Chivers is helping us relearn the female body and the mind and what turns us on. Her research is making enormous progress in the way enlightened people regard sexual orientation and desire. She’s fucking with the old science. And my God, we need Chivers to fuck with the old science.

I write publicly about my sex life because my sex life matters to me. It is what makes up such a large part of who I am as a writer, a musician, and a human being. It does not, in any sense, reduce me as an intellect. I am not an idiot for wanting to detail the way someone’s dick felt inside me. This is my feminist statement. If I want to tuck the shirt into the back of my jeans to display my ass a little more obviously, that is self-objectification, I guess, but it is myobjectification.

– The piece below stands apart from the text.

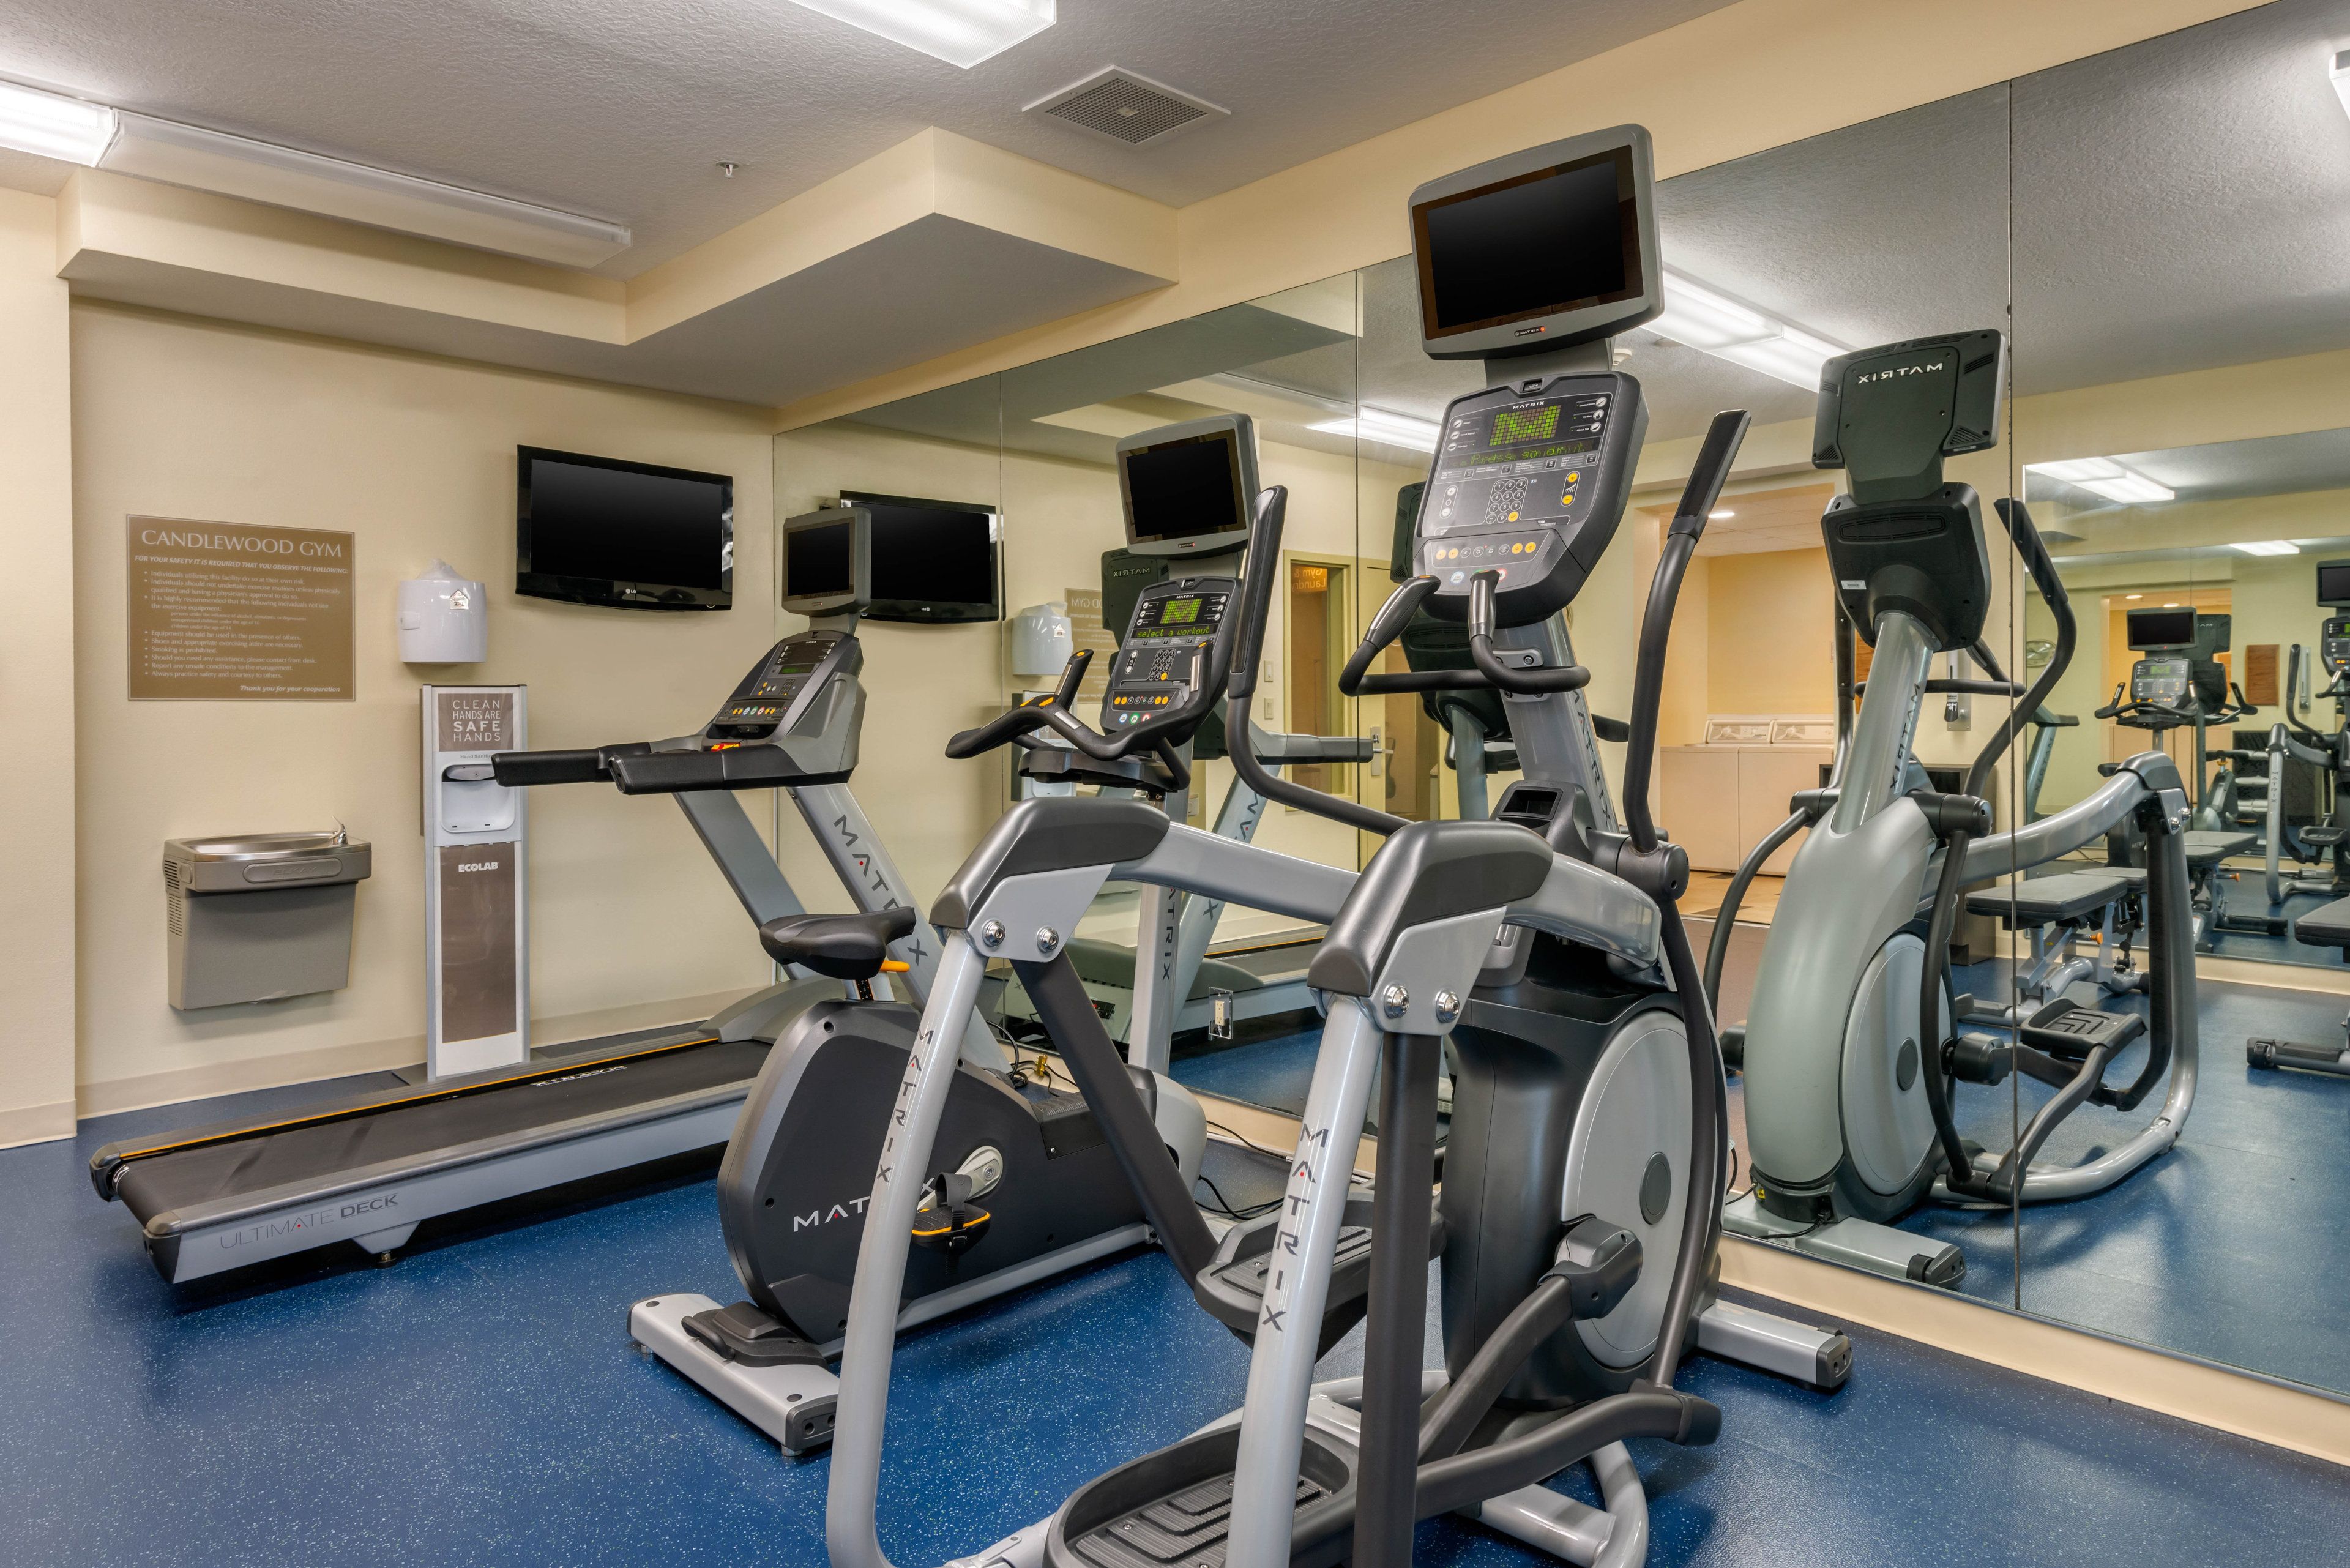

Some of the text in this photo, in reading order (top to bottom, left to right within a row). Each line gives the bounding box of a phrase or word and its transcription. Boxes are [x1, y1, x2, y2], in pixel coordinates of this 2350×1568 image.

I like my ass. It took me years to overcome the illogical notion that my ass was “fat” or “unattractive” and now that I have, I embrace that—and it does not make me a “stupid whore.” It makes me a sexual human being who has an ego, just like anyone else on the planet. So why would embracing that dissolve my intellectual credibility? How many times have beautiful women had the authenticity for their work discredited simply for their looks? I can’t even count. If you are an attractive woman who is intelligent, you must have had some help you with your work. If you are an attractive man who is intelligent, you are the whole package. Sexist double standards run deep in the bloodline of the world more often than I would like them to.

I encourage women to talk about desire. I encourage everyone to, in fact, because when it comes down to it our society is nothing but confused about the one thing we can all do: fuck. The only way to get over this deep confusion is to write about it, to talk about it, to not be afraid of it. You want to throw my sexuality in my face as an insult? I am going to shine it right back at you like a shield.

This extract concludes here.